For as long as I can remember, I have loved getting lost. I remember the first time that I purposely got lost (I would later find out that this is commonly known as “exploring”). My family and I were walking through Mexico City’s Coyoacan neighborhood early in the morning, and I was beautifully overwhelmed by the barrage of sounds, sights, and smells that were hitting me all at once. We were on our way to meet a family friend for lunch, but I wanted to investigate the causes of these senses. All of a sudden, 10-year-old Diego decided to stop walking, let his family unknowingly leave him behind, and fully take in everything that his environment had to offer. The ladies kneading dough to make conchas, the vendors setting up their snack carts, and the nice old lady that helped crying Diego find his parents after he got tired of his adventure, are all memories that still stick with me. A few years later, I learned that what I loved about getting lost was the opportunity to learn new things and explore, and since then I have done my best to explore as much as possible. Whether it was physically travelling to Europe or Central America with a local nonprofit, SOS San Antonio, or emulating a Middle Eastern Arms Talk through Model United Nations, exploring and learning about new places, ideas, cultures, and subjects have been an integral part of who I am.

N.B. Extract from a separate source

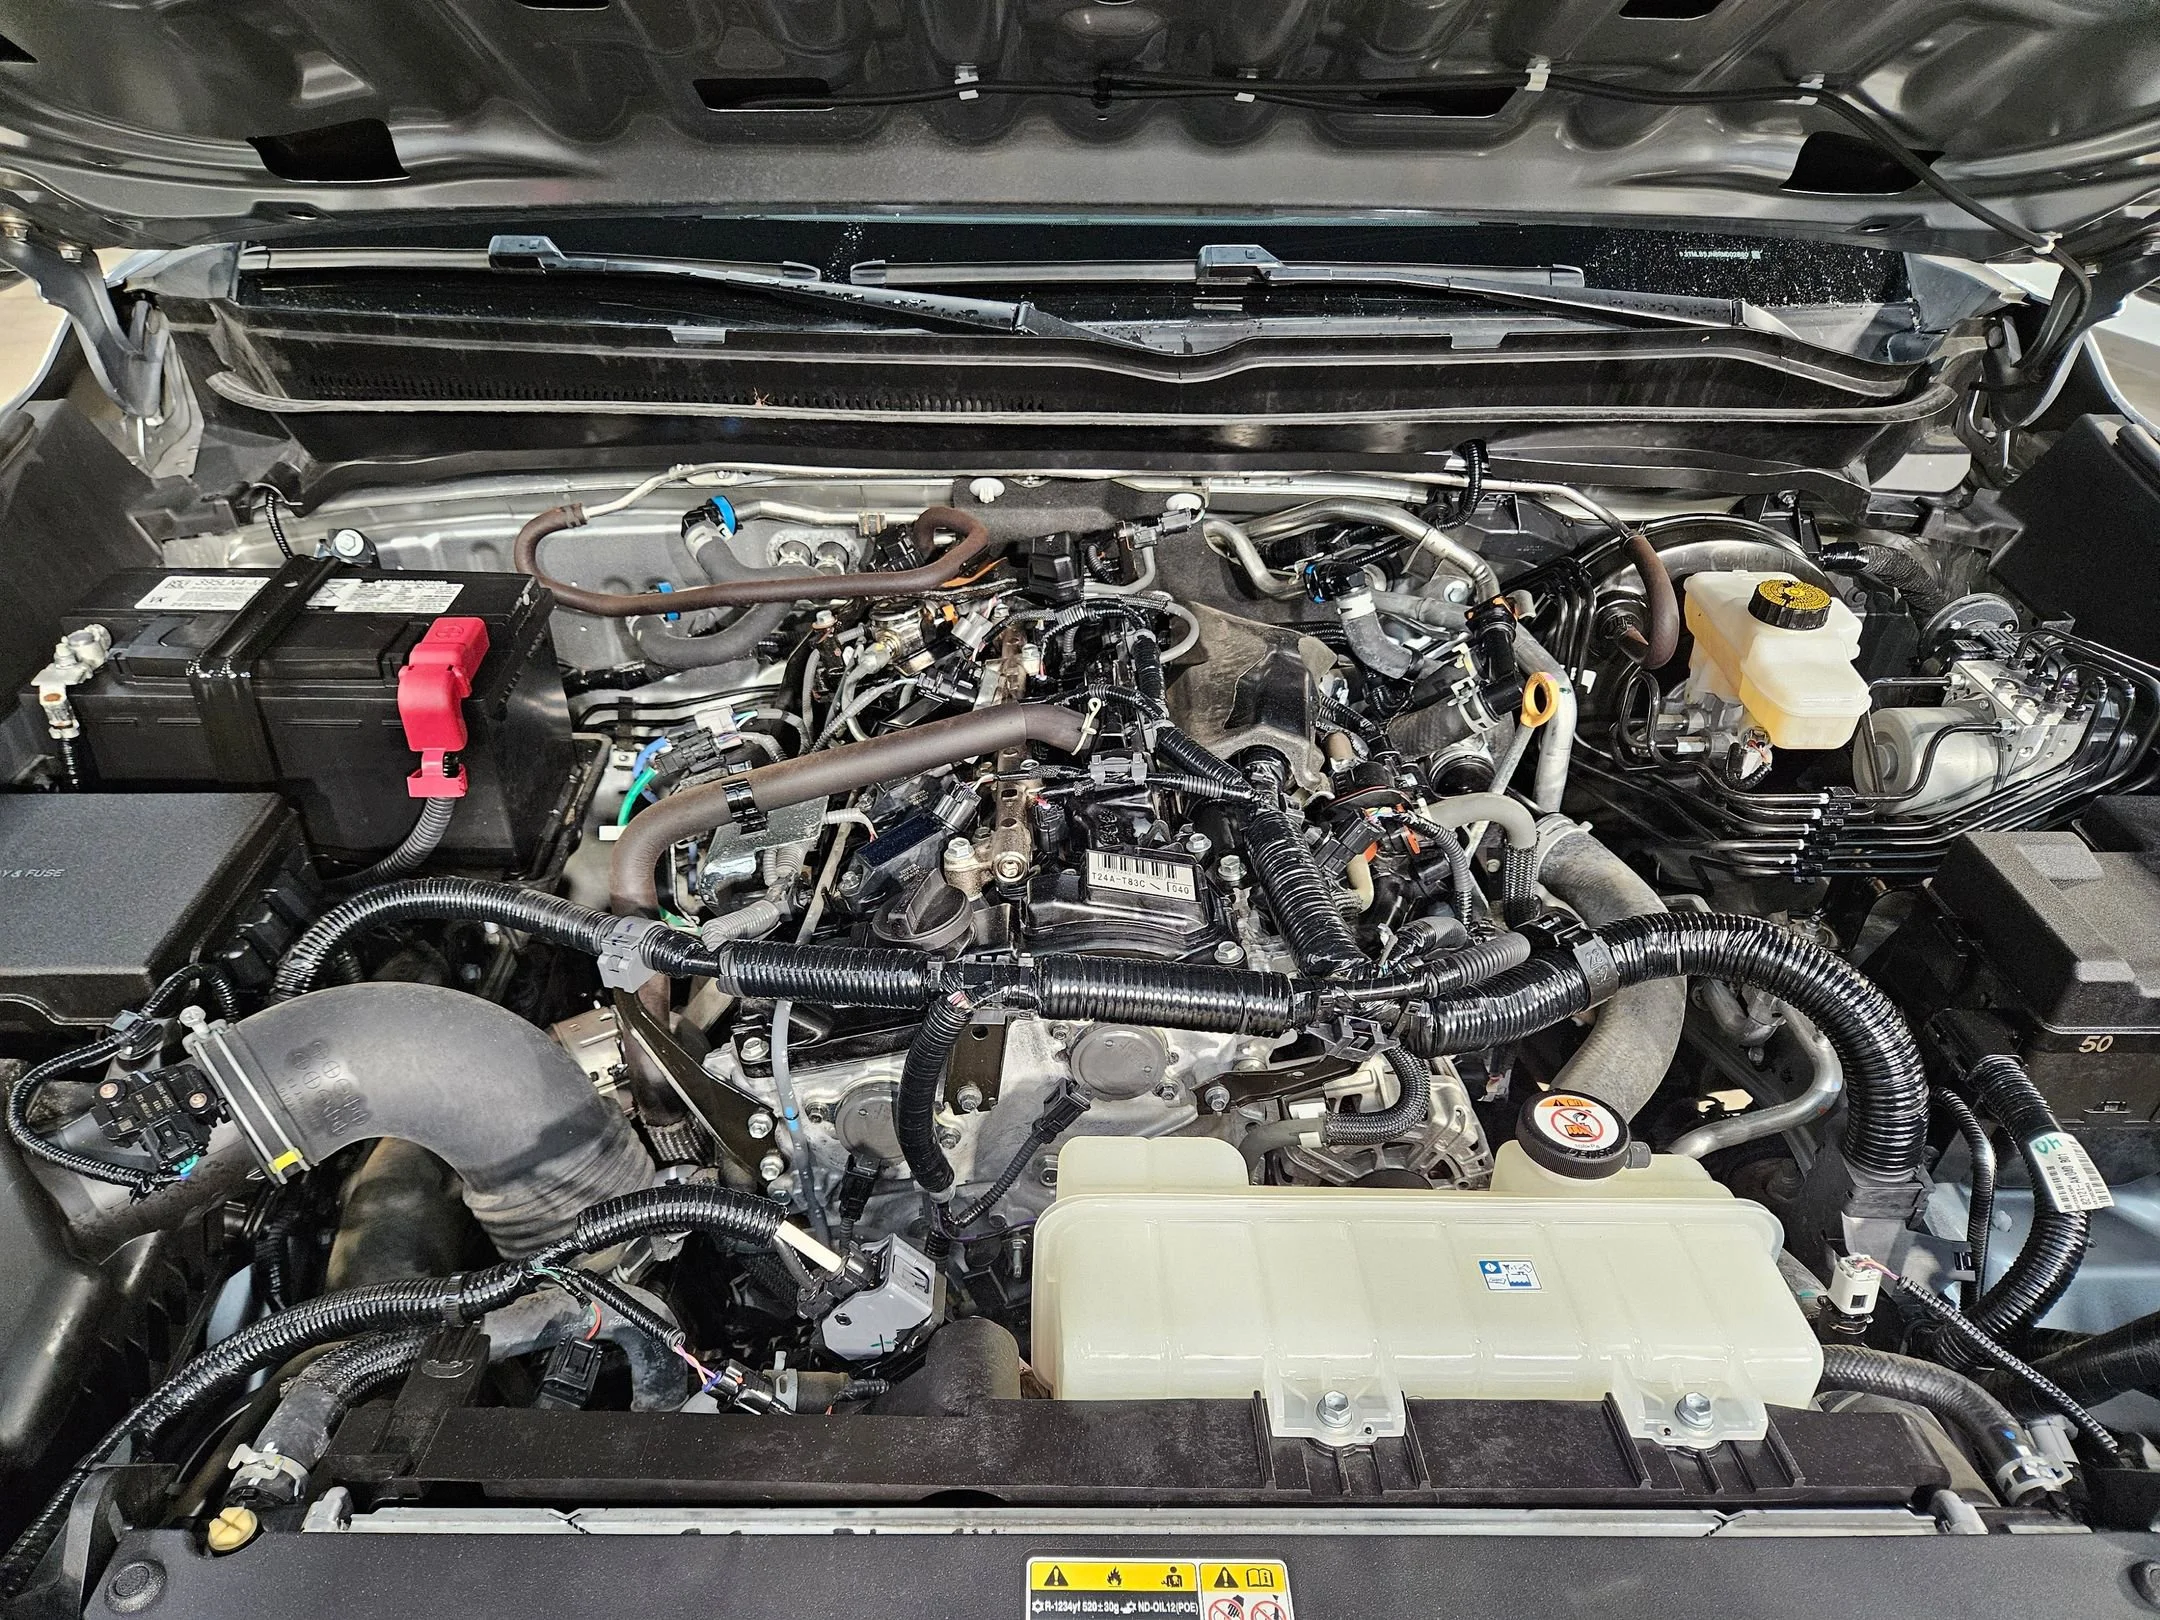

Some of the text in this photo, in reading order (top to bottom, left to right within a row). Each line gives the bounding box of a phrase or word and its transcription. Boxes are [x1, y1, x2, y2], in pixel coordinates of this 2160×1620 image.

It was my passion for exploring that led me to the Texas Diaper Bank one morning; it was my passion for exploring that led to me learning about the importance of diapers in a baby’s health; and it was my passion for exploring that led to me creating a diaper donation drive as an SOS San Antonio business intern. Exploring, and the curiosity that drives my need to explore, have exposed me to new people, presented me with unique opportunities like a summer internship (that would help me find my passion for business), and helped me see a side of the world that I live in that I would have never otherwise seen. I will never stop exploring, and I cannot wait to spend the next four years doing just that at The University of Texas at Austin.
Canfield Business Honors Program
Other Academic Interests
What drew you to the Forty Acres Scholars Program?

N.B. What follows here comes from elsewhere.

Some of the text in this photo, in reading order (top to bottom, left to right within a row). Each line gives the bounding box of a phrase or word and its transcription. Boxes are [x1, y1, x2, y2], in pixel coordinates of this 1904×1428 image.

Community. Throughout my college search process, I was torn when it came to deciding the type of school that I wanted to attend. I was impressed by the amazing resources that large universities offered to their students, but was also in love with the idea of being in a tight-knit community of students at a smaller college. Going into Finalist Weekend, I knew very little about FASP, but coming out of it, I knew that it would allow me to join a tight-knit community at a large university with some of the most amazing resources offered to college students anywhere in the country. Aside from getting unlimited, free access to one of the premier educational experiences in the world, I would get to join an intimate community of unique individuals, I would join a family. I said "unique" and not "like-minded" because one of my favorite things about FASP is that every Scholar is different from the next. Some come from big cities, some come from small towns, some want to be rocket scientists, and some don't know what they want to do yet. That diversity, coupled with a tight-knit community, come together to create an unparalleled experience, one that I could not pass up.
What makes your Scholar cohort unique?
I don't think any other cohort got to bond so much, so quickly. COVID canceled our trip to Camp Texas, so we rented an Air BNB and explored Austin together for three days instead. We've spent a total of five days together in person, and in that short amount of time we have learned how to two step, gone cliff diving, cooked meals for each other, and gotten lost in downtown Austin.
Favorite FASP memory
Eating P Terry's at Mount Bonnell with my cohort is easily my favorite memory. We were all starving after having spent the morning exploring downtown Austin. We decided there was nothing more that we wanted than to have a picnic. I still remember the collective gasp that we took as we saw the view from the top of Mount Bonnell.